Great expectations could be the theme for many new homeschooler’s hopes for their homeschools.
There’s a fairy tale we tell about our homeschools that gradually fades away when reality hits.
So how do you manage unrealistic expectations in your homeschool?
The fairytale of the little girls in the white dresses, living happily ever after (that I had when I first began homeschooling), well, I’m still searching for that.
I’ve learned that little girls in lacy white dresses get dirty. And that mom does a lot of laundry.
In the scrapbook, the kids are perfect; the memories are momentous. After the kids are tucked into bed at night, the day seems idyllic.
Real-life, though, and real parenting, isn’t a scrapbook montage.
Homeschooling has been a similar reality check as my experience with parenting: there are definitely things I wasn’t expecting.
Cinderella keeps a constant handle on the broomstick and though the hearth has been swept, it needs to be swept again, and again.
A friend recently said that she sweeps the kitchen ten times a day.
I don’t know if she is serious, but somehow I imagined this would not be necessary now that we were all at home.
I was wrong.
Reality check: when you live in the house most of the day, it most certainly is not tidier.

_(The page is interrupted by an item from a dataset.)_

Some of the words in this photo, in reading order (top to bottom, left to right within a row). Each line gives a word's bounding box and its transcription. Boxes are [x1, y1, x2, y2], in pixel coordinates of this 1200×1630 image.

Only Sleeping Beauty can claim enough slumber.
The rest of us need to regulate our bedtimes.
With inadequate sleep, I fumble with words and I am irritable, edgy, and unclear in thought. Troubles abound when mixed with early mornings. Short nights and impertinent children only result in mountains that could have been molehills.
Is there help for my weary soul? Create a consistent sleep routine (& don’t bring home any more babies).

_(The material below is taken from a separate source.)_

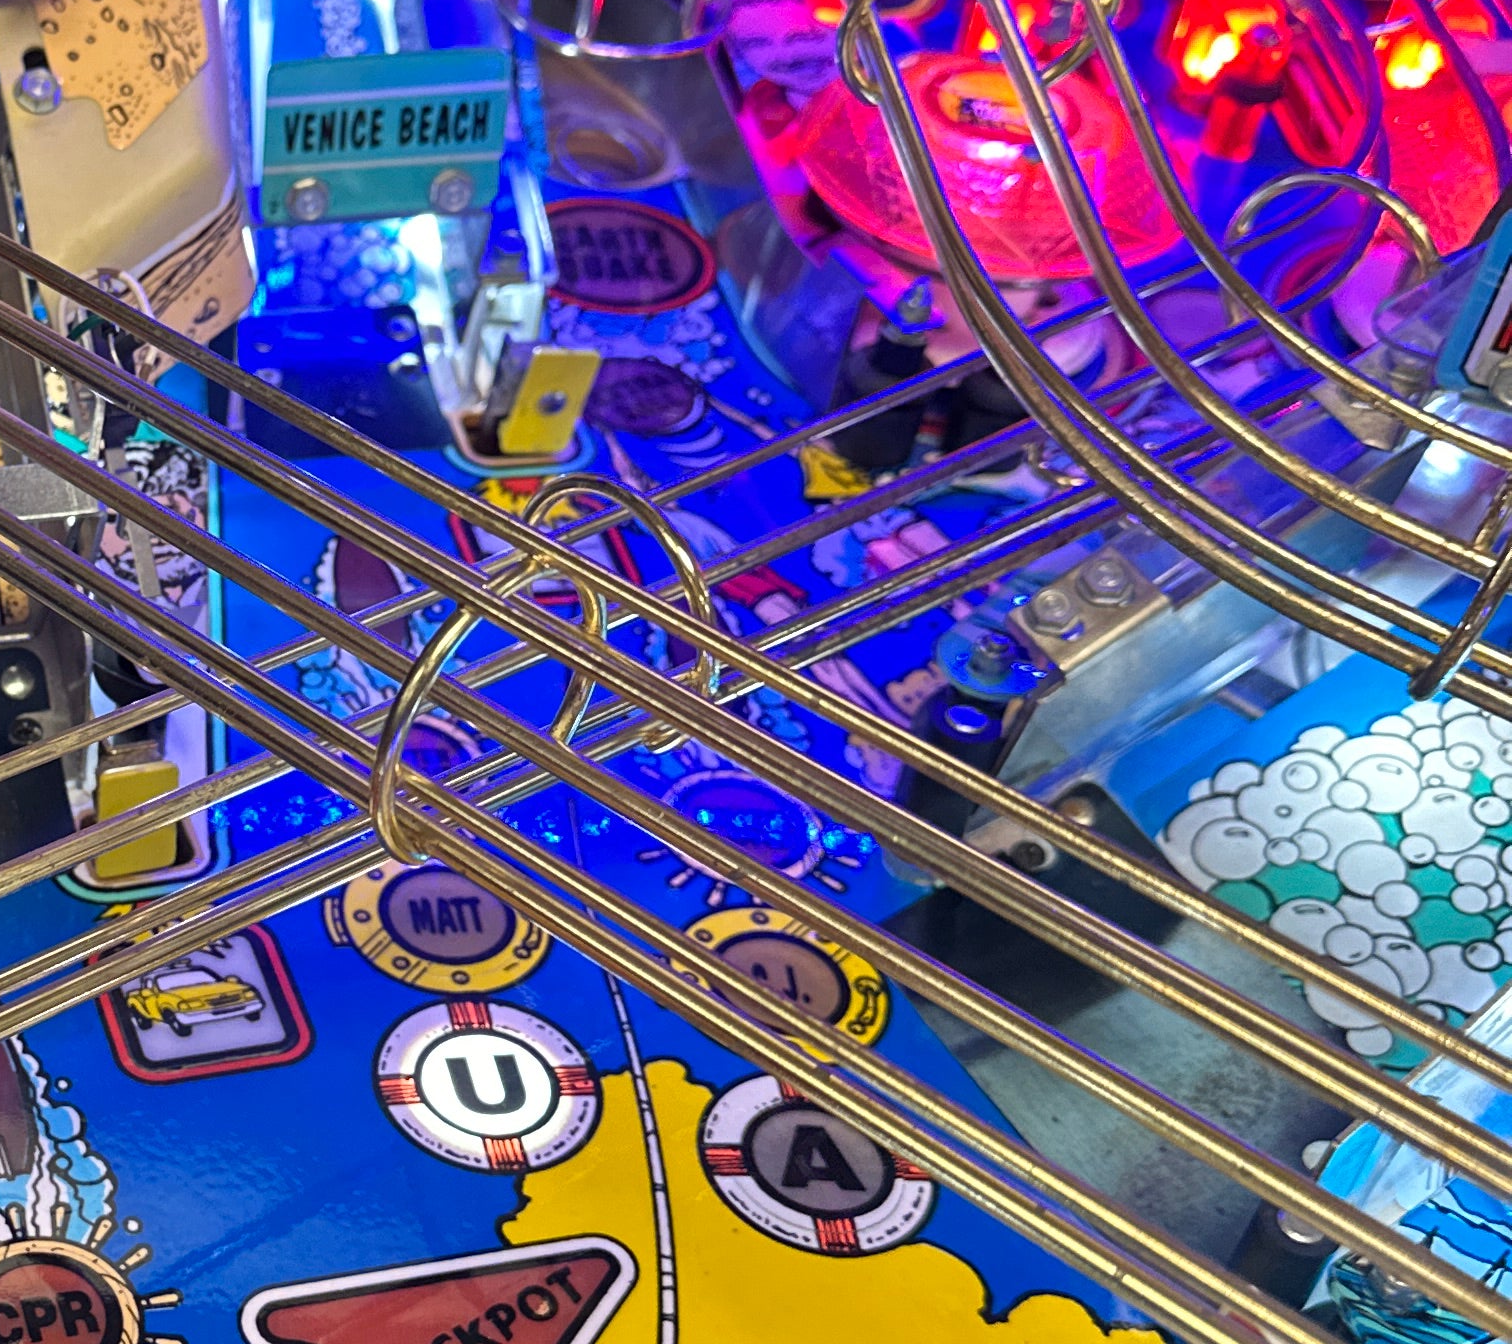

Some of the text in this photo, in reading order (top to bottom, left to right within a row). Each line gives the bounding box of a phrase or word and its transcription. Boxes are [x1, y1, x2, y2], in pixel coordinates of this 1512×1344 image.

[284, 100, 491, 153] VENICE BEACH
[407, 893, 484, 936] MATT
[445, 1052, 528, 1116] U
[781, 1123, 867, 1193] A

I don’t know who took care of Jack and Jill after they tumbled down the hill, but when someone in my home is ill, I am the caretaker, whether I am as badly ill as anyone else.
One morning, after a sleepless night of illness, I got out of bed to do the paper route (because we signed up for it and it had to be done).
I was off to the minivan, had Zach strapped into his toddler seat, handed him a bit of banana, and boom, he puked everywhere.
Our oldest, Hannah, bathed and dressed him.
I dismantled the newly-installed car seat and gave it a bath. And then we strapped him in the seat, had the other three jumping in and out of the minivan to dispatch the newspaper from block to block.
Snow White’s seven dwarves all required different attention.
Attending to my older girls seems more immediate, as they have specialized requests, like learning to calculate the area of a parallelogram or translating their sewing pattern.
I try to rush through a math lesson because I overhear the toilet flush in the bathroom when every one of “flushing age” in the room I am presently inhabiting requires great patience.
I must create intentional time to read Little Mr. books or throw a ball for my youngest child, whether he knows he needs that special time or not.
Although our youngest kids have had the earliest exposure to all-things-academic, they require me to rejig my priorities for a one-on-one time the most.
There are no fairy tales where the mother figure has a temper tantrum.
Well, I can imagine the Old Woman in the Shoe doing so, but in illustrations, she looks very, very happy.
I’ve spent more time than I imagined determining how to appropriately deal with frustrations because someone won’t listen or someone whacked someone or … you fill in the blank.
I have heard many mothers say they wouldn’t homeschool because they simply couldn’t imagine that much time with their offspring dealing with this exact stuff. (That is entirely understandable to me).
If you haven’t figured out how to interact with them, deal with their idiosyncrasies, or your own, like how not to yell or how not to be unreasonable, the homeschooling lifestyle will definitely afford you the time.
Sometimes when the princess kisses the frog, she finds out he is just a frog.
“I can’t do it if the answer isn’t eleven!” Rachel declared with frustration.
The question: 8+4=?
Well, what is a mother to do? The answer can’t be eleven just because she wants it to be.
How do I cleverly respond to that? Understanding what the child understands is essential.
I can’t just presume that she is going to understand the first time either. It takes patience. A lot a lot of patience.
What better way to learn patience, than to try and try and try again (so many opportunities as a homeschool mama).
Much like the Beauty attempting to tame her Beast, I expected I could make this happen: a pristine, pretty world, orderly, generally quiet, ongoing family harmony, and undisturbed happiness.
The reality: I get all of those things, but usually in no particular order and without continuity, and definitely with a handsome helping of disorder, dirt, and dysfunction.
We all have expectations, but, as Belle discovered, the exterior is never the full representation of the experience.
Though the oldest three kids are no longer homeschooling, the story is unfinished as I continue to homeschool my twelve-year-old.
The plot thickens as each child gets older.
Chapters are added as each year is completed.